Yup. High time they unlearned it, unless there really is something physically or mentally wrong with them. It's not good for the people they're leaning on, and it's not good for them. Do they go on holiday at all?

DingDongDenny · 03/06/2019 23:48

I'm not surprised your Dh and his brother haven't learnt to drive. They both know they would instantly be considered the new taxi service

God love his brother who is learning

FreeTedHastings · 03/06/2019 23:49

I'm in my mid 50s. I can't imagine being so useless.

Someone mentioned hospital transport. This is only available for specific medical needs which make public transport (that includes taxis) impossible/unsafe. Some funding for costs to hospital is available to people on very low incomes.

If they have a travel pass and a bus route this is just bonkers.

They are totally abnormal for their age.

Skittlesandbeer · 04/06/2019 00:16

I’ve decided I don’t feel like cooking any more. It’s boring and expensive and takes some effort. Besides, plenty of other people in my neighbourhood cook so why should I bother? Delivered food is still pricey, so I won’t be doing that either.

I’ll just scroll through my contacts list and phone around every day to see who will cook for me. They’d better cook what I like, and at the times that suit me, else I’m libel to get a bit grumpy with them. Confused

Since when do able people get to opt out of Adulting? In middle age?

Frankly I’d stop avoiding their calls and sit them down. I’d say they need to rethink their strategy for getting around, that their current one is embarrassing everyone and not on.

Then I’d ask for their phones and change my contact name to ‘AINT GONNA HAPPEN.’

SynchroSwimmer · 04/06/2019 00:30

Could you “re-set” their expectations by going on the bus with them a couple of times?....to set that mode of transport up as the new-norm for them - that they have got to get used to doing on their own? 😉

Butterymuffin · 04/06/2019 00:43

'That's not going to work' is too soft. You're pandering to them and it's probably spun in their heads into 'they can't do it after all'. Instead you need to go with 'What? Why would you think they are coming to pick you up? You need to get a taxi' not the indirect stuff about where the taxi numbers are.

Birdie6 · 04/06/2019 00:53

They need a kick up the rear end . At 50ish they are still comparatively young, not a couple of doddery old people who need care. They should either learn to drive, or learn to take care of their own transport needs.
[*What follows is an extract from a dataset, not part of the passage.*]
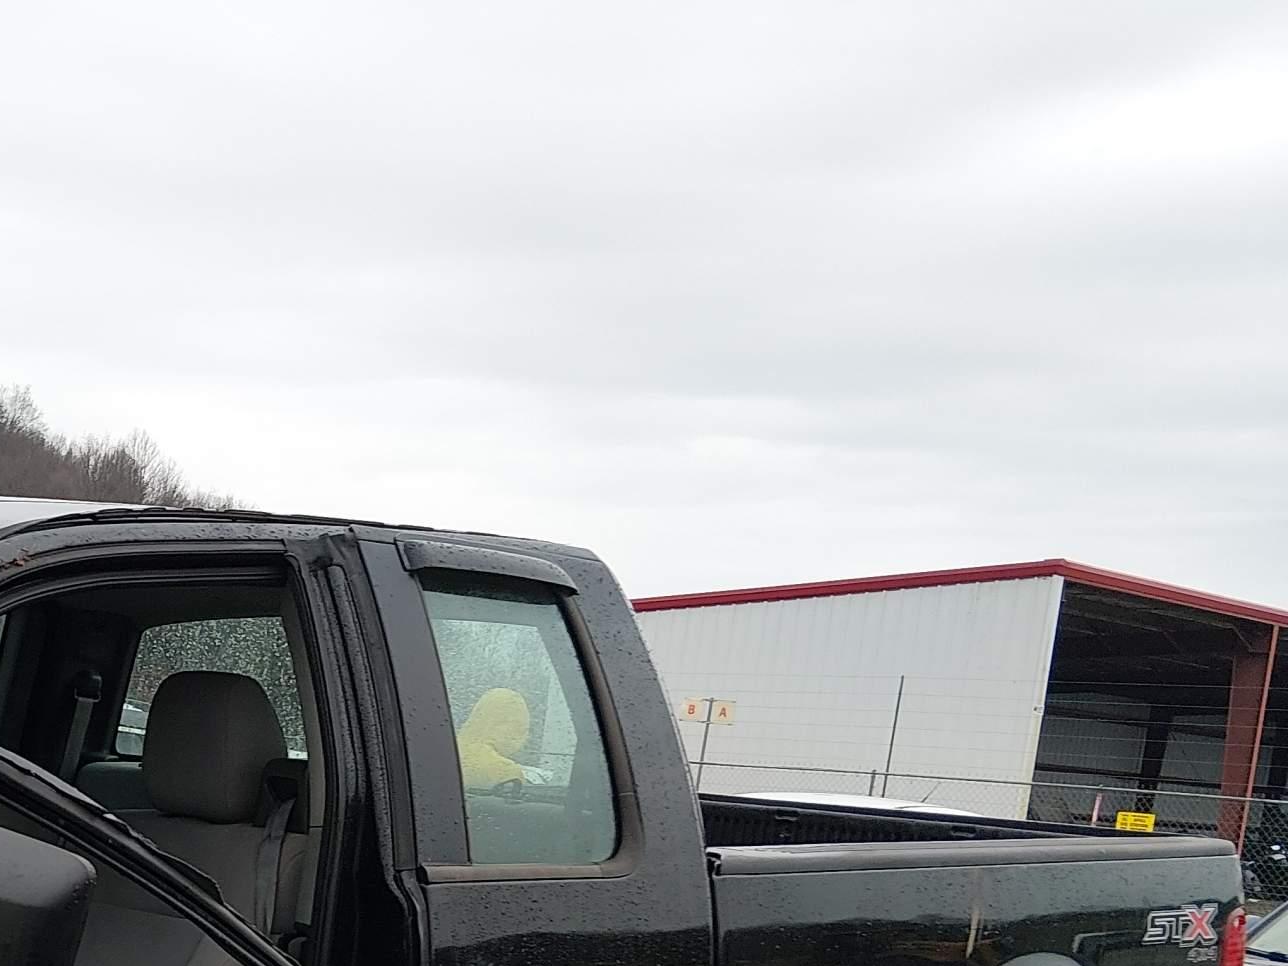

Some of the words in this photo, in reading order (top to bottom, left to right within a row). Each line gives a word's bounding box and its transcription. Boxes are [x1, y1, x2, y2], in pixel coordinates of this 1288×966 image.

[687, 704, 696, 715] B
[718, 707, 728, 718] A
[1141, 902, 1219, 948] STX
They are both CF and you should ignore them completely.

Birdie6 · 04/06/2019 00:57

I can't believe that they were previously relying on your Dh's grandfather to drive them around ! Unbelievable.
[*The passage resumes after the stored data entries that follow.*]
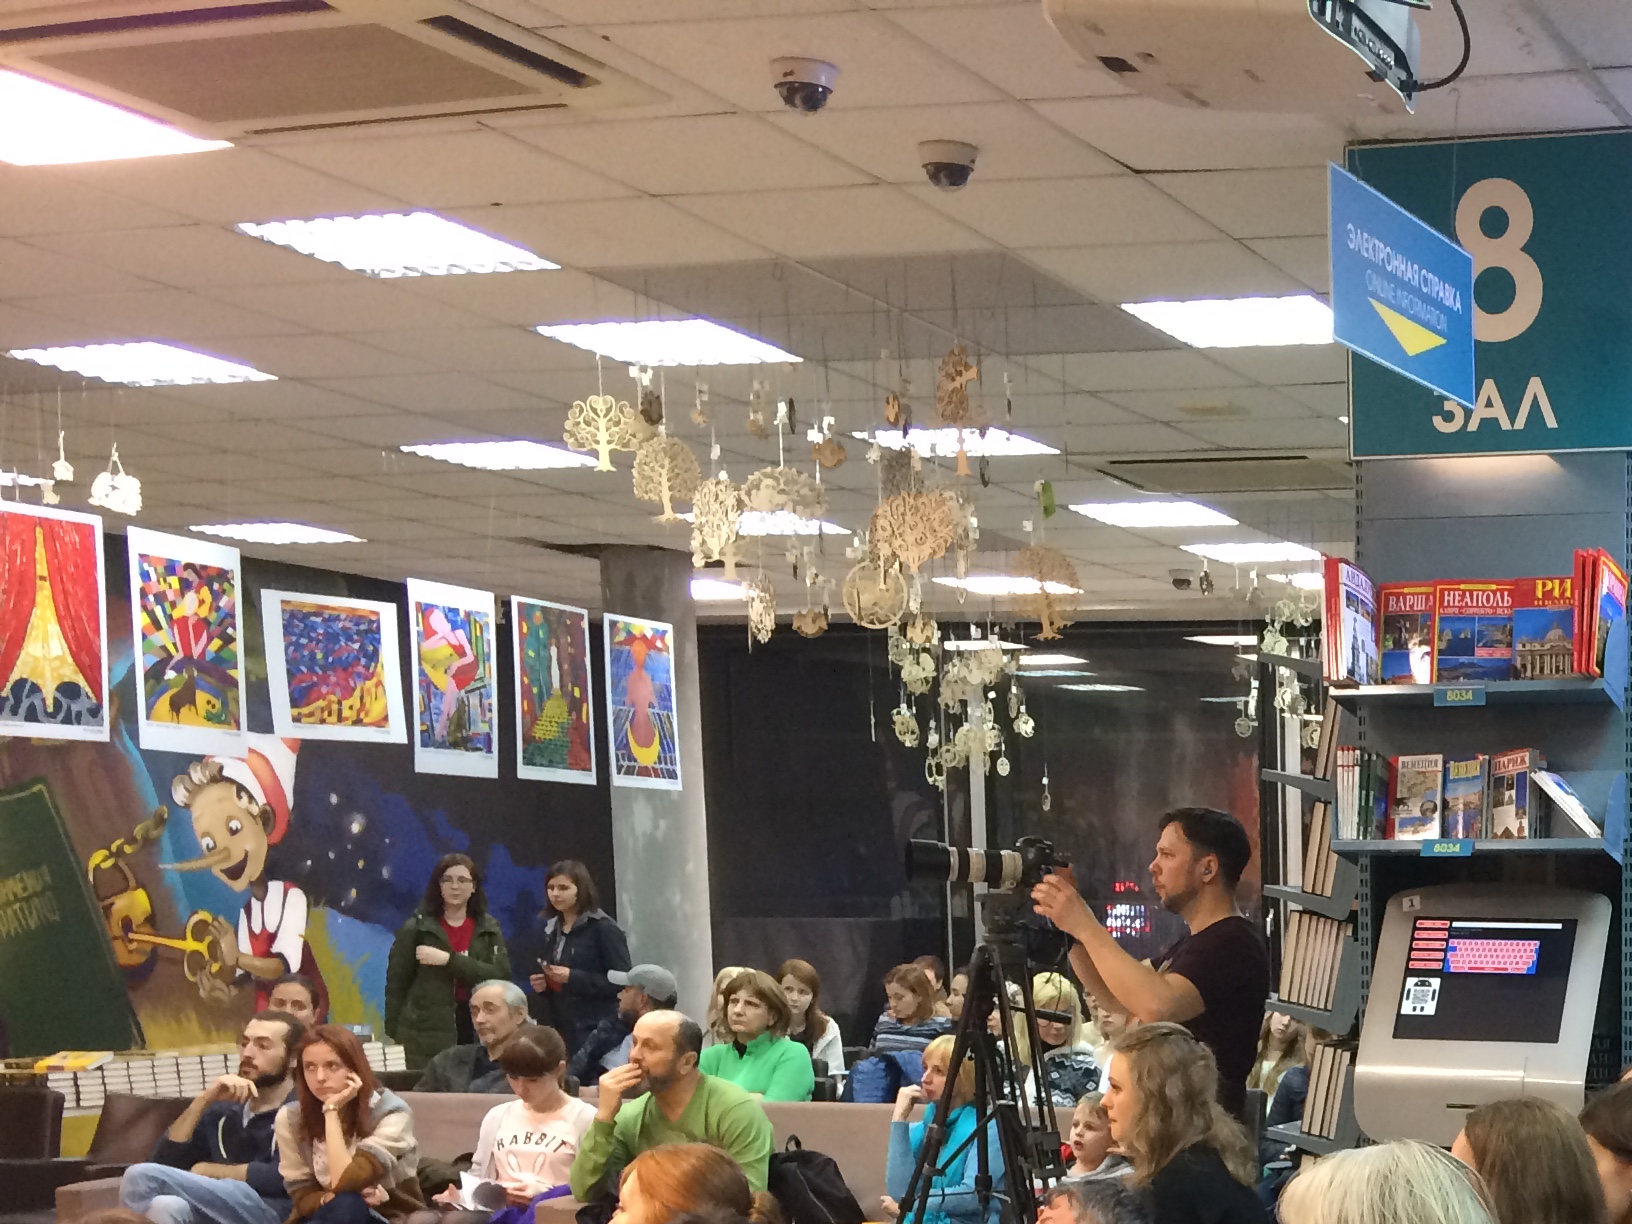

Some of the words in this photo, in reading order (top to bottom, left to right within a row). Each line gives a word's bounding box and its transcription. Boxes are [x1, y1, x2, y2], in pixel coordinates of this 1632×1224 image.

[1347, 223, 1420, 288] ЭЛЕКТРОННАЯ
[1420, 269, 1462, 314] СПРАВКА
[1455, 177, 1543, 342] 8
[1365, 269, 1395, 304] ONLINE
[1432, 377, 1558, 433] ЗАЛ
[1444, 591, 1512, 607] НЕАПОЛЬ
[1446, 690, 1473, 701] 8034
[1494, 754, 1527, 772] ПАРИЖ
[1408, 899, 1415, 909] 1
[496, 1130, 568, 1153] RABBIT
PregnantSea · 04/06/2019 01:17

Tbh honest I'd just not answer the phone to them very often.

WhereYouLeftIt · 04/06/2019 01:18

"Dh can't deal with it at the time as he is at work but has repeatedly told them it's not on and to stop asking."

"Usual conversation goes.
Mil: Fil needs to be at the Dr's at 10.30 today. What time is your mum/dad coming to pick him up?
Me: That's not going to work. You know the taxi numbers are on the fridge, (the list of companies we use) . (Ds will usually be shouting in the background.) Hope you get sorted out. I'll let you go now. "

Given your husband has told them to stop asking, I think you need to change your response to match his. Something along the lines of:

Mil: Fil needs to be at the Dr's at 10.30 today. What time is your mum/dad coming to pick him up?
You: Never. I don't know why you still ring asking for lifts when DH has asked you not to. Numbers for taxis are on the fridge, call for one and stop expecting other people to chauffeur you around, it isn't going to happen. Bye.
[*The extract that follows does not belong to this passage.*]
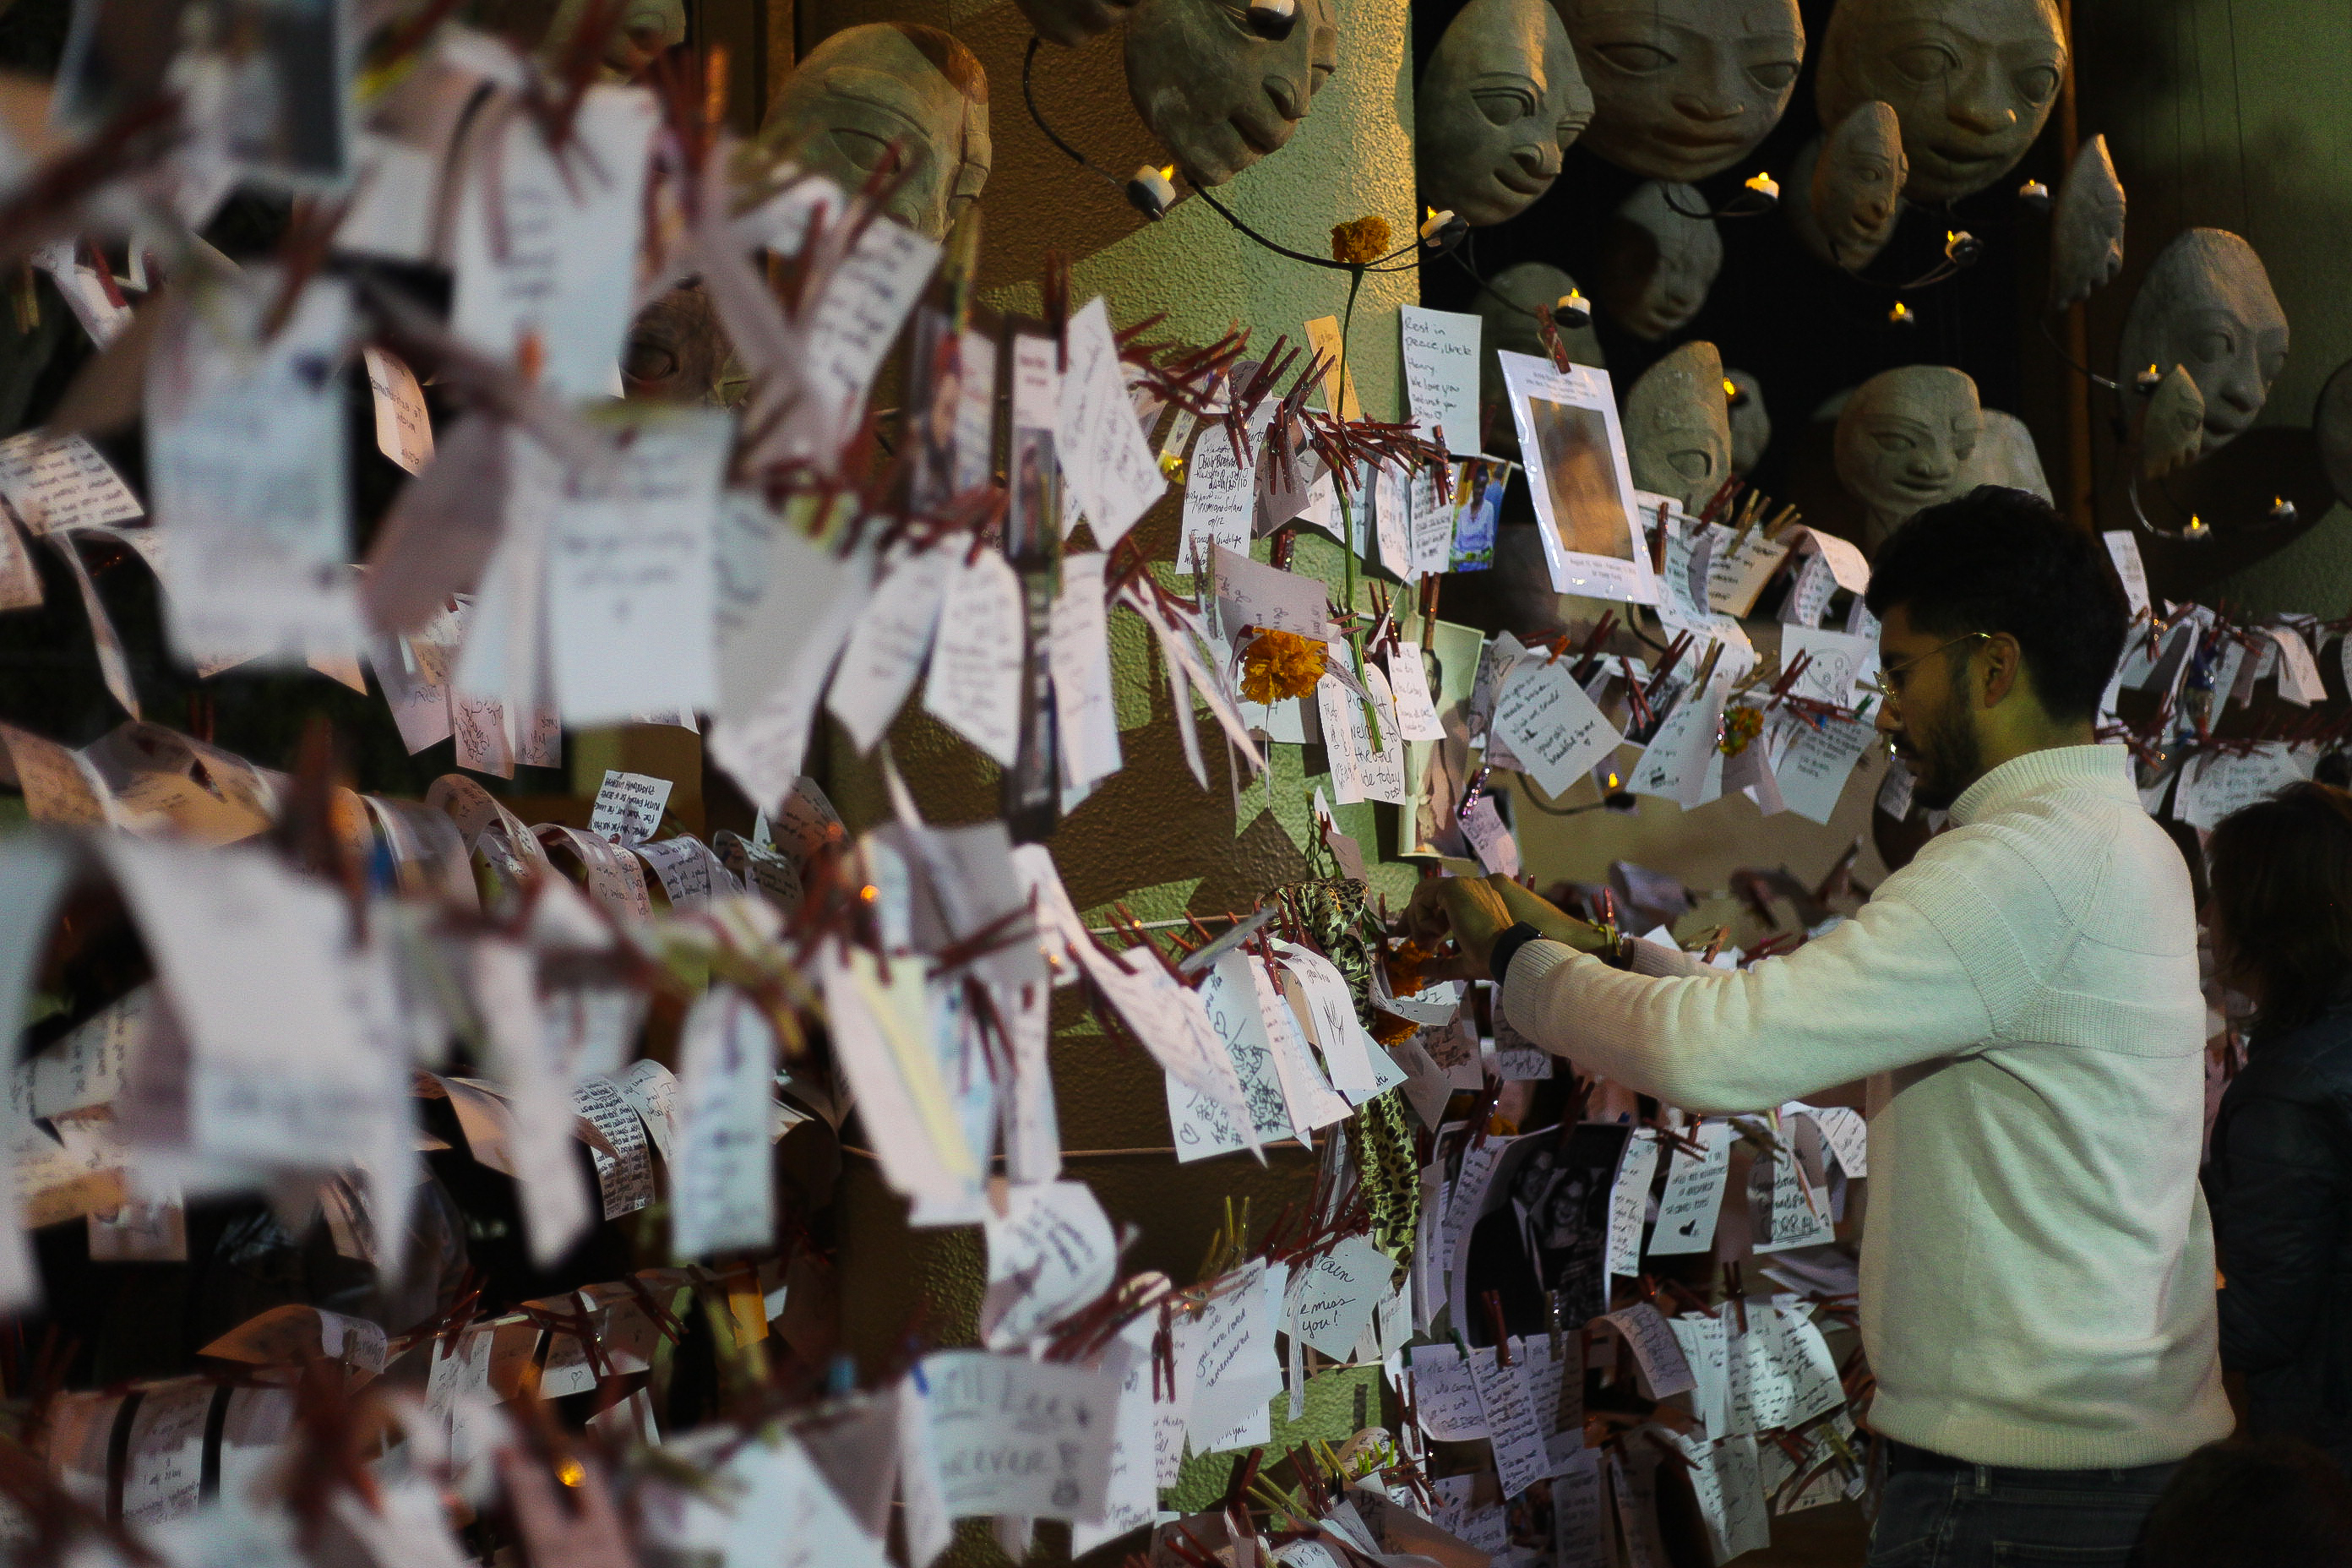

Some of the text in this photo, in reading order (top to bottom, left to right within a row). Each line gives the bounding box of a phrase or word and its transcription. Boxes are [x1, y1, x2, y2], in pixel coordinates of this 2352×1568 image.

[1434, 324, 1446, 335] in
[1376, 767, 1401, 791] today
[1309, 1298, 1356, 1315] miss
LittlePaintBox · 04/06/2019 10:32

Yes, I think you're sugaring the pill a bit too much. If they rang up and asked for a lift from my DM when my DF was seriously ill in hospital, I'd go ballistic. Sometimes its the only way to get your message across to CFs. And when they do get the message, it won't be 'Oh dear, we appear to have been CFs', it will be 'Don't bother ringing ned again, she was very rude last time'.

But honestly, the solution really lies with your parents, not you - they must stop giving them lifts! Why on earth does everyone give in to them?